- Dataset entries -
■ ■ ■ ■ ■ ■ ■
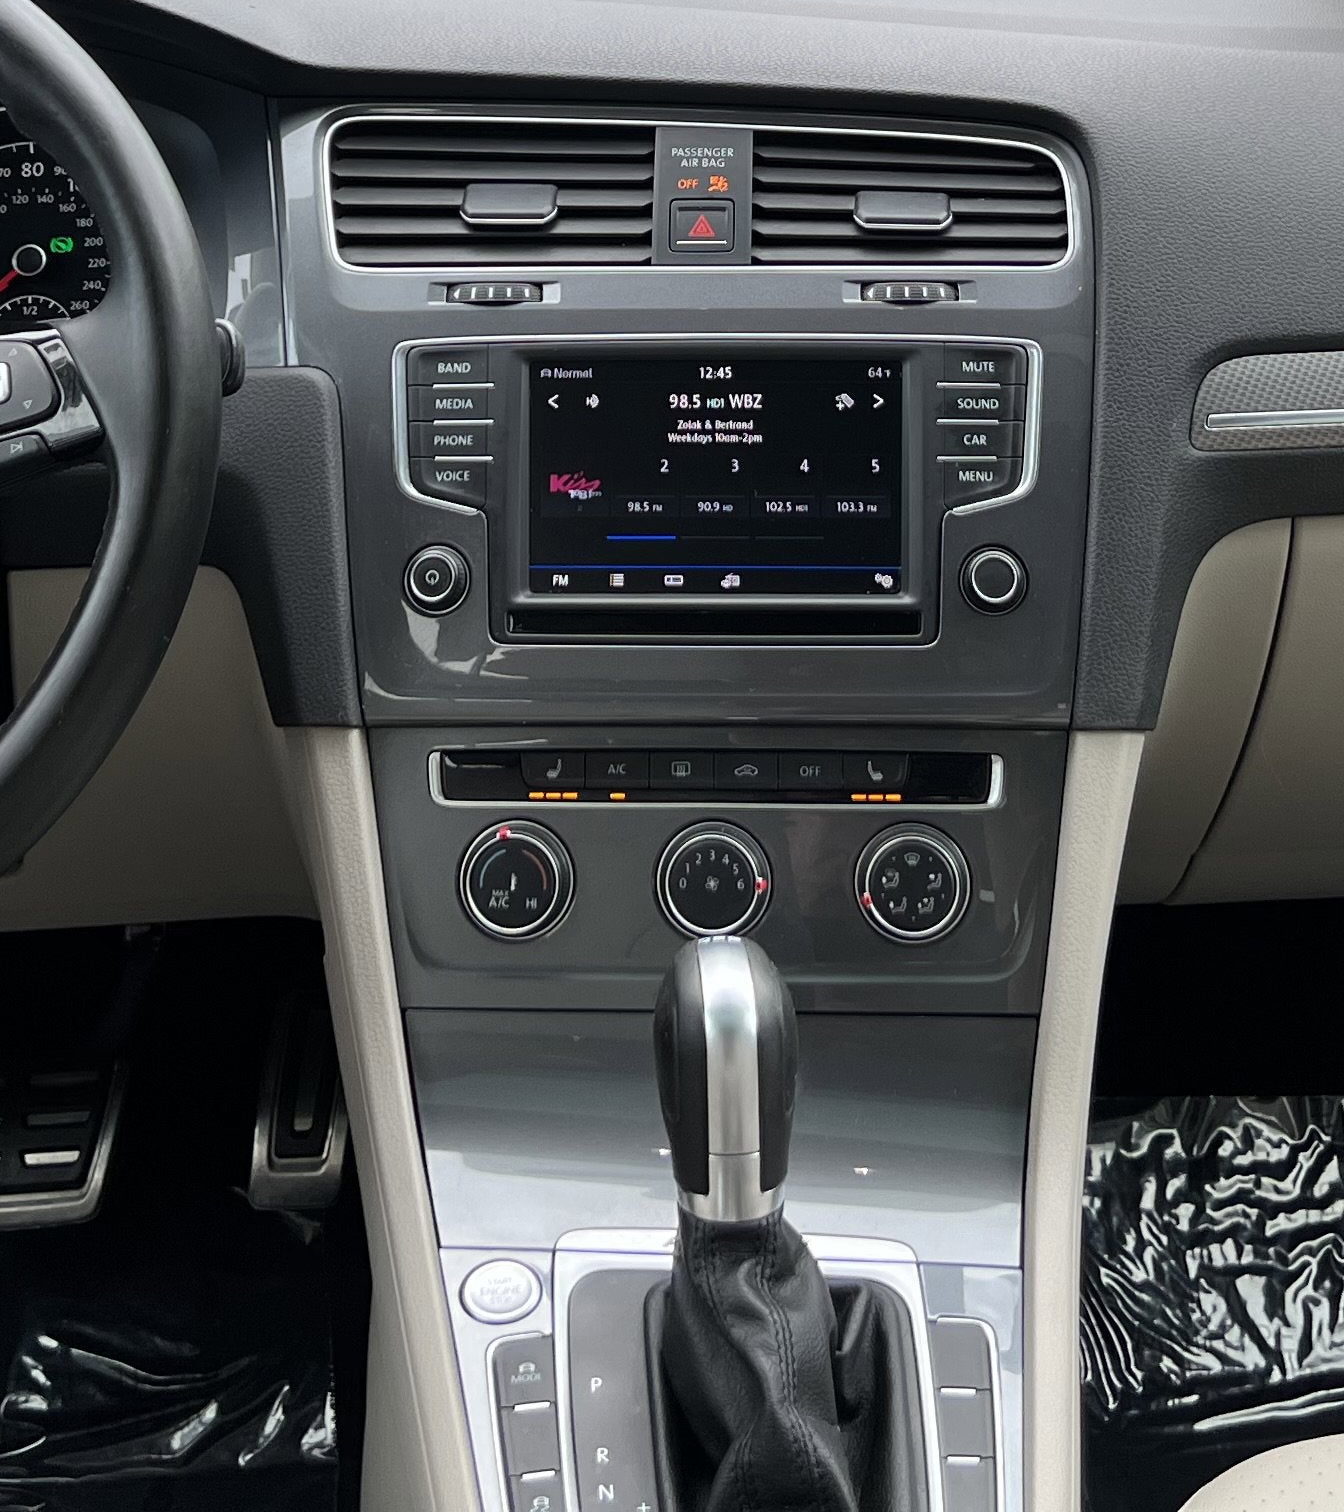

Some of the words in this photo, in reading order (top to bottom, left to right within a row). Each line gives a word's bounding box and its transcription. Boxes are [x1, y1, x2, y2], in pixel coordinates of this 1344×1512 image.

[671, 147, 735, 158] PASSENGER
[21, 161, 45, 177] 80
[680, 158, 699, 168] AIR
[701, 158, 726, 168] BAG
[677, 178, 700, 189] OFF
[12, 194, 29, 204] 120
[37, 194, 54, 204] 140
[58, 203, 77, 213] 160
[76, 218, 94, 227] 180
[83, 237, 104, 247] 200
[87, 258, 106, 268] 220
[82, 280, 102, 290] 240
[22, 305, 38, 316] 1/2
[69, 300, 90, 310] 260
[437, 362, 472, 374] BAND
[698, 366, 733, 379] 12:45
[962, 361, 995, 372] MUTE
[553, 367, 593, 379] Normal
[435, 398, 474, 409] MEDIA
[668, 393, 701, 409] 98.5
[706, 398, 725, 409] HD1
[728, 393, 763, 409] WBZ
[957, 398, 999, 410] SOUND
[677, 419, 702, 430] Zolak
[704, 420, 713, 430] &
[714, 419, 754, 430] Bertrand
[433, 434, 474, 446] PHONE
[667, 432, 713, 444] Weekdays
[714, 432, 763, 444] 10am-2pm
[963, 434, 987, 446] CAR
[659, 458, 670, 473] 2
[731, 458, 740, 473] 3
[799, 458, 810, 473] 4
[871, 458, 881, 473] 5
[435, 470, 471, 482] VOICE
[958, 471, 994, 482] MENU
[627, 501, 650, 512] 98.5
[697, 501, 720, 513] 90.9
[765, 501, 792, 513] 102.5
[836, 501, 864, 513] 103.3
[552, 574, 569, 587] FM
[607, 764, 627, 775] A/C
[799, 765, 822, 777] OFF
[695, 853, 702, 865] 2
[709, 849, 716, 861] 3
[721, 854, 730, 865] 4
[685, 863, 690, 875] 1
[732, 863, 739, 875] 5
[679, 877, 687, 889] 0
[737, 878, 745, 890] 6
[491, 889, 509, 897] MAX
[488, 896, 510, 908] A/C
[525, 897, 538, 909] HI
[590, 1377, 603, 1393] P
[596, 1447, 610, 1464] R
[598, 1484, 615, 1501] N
■ ■ ■ ■ ■ ■ ■
Each line above must be repeated exactly in the answer, with pictures omitted.

- TASK RESULT -
Some of the words in this photo, in reading order (top to bottom, left to right within a row). Each line gives a word's bounding box and its transcription. Boxes are [x1, y1, x2, y2], in pixel coordinates of this 1344×1512 image.

[671, 147, 735, 158] PASSENGER
[21, 161, 45, 177] 80
[680, 158, 699, 168] AIR
[701, 158, 726, 168] BAG
[677, 178, 700, 189] OFF
[12, 194, 29, 204] 120
[37, 194, 54, 204] 140
[58, 203, 77, 213] 160
[76, 218, 94, 227] 180
[83, 237, 104, 247] 200
[87, 258, 106, 268] 220
[82, 280, 102, 290] 240
[22, 305, 38, 316] 1/2
[69, 300, 90, 310] 260
[437, 362, 472, 374] BAND
[698, 366, 733, 379] 12:45
[962, 361, 995, 372] MUTE
[553, 367, 593, 379] Normal
[435, 398, 474, 409] MEDIA
[668, 393, 701, 409] 98.5
[706, 398, 725, 409] HD1
[728, 393, 763, 409] WBZ
[957, 398, 999, 410] SOUND
[677, 419, 702, 430] Zolak
[704, 420, 713, 430] &
[714, 419, 754, 430] Bertrand
[433, 434, 474, 446] PHONE
[667, 432, 713, 444] Weekdays
[714, 432, 763, 444] 10am-2pm
[963, 434, 987, 446] CAR
[659, 458, 670, 473] 2
[731, 458, 740, 473] 3
[799, 458, 810, 473] 4
[871, 458, 881, 473] 5
[435, 470, 471, 482] VOICE
[958, 471, 994, 482] MENU
[627, 501, 650, 512] 98.5
[697, 501, 720, 513] 90.9
[765, 501, 792, 513] 102.5
[836, 501, 864, 513] 103.3
[552, 574, 569, 587] FM
[607, 764, 627, 775] A/C
[799, 765, 822, 777] OFF
[695, 853, 702, 865] 2
[709, 849, 716, 861] 3
[721, 854, 730, 865] 4
[685, 863, 690, 875] 1
[732, 863, 739, 875] 5
[679, 877, 687, 889] 0
[737, 878, 745, 890] 6
[491, 889, 509, 897] MAX
[488, 896, 510, 908] A/C
[525, 897, 538, 909] HI
[590, 1377, 603, 1393] P
[596, 1447, 610, 1464] R
[598, 1484, 615, 1501] N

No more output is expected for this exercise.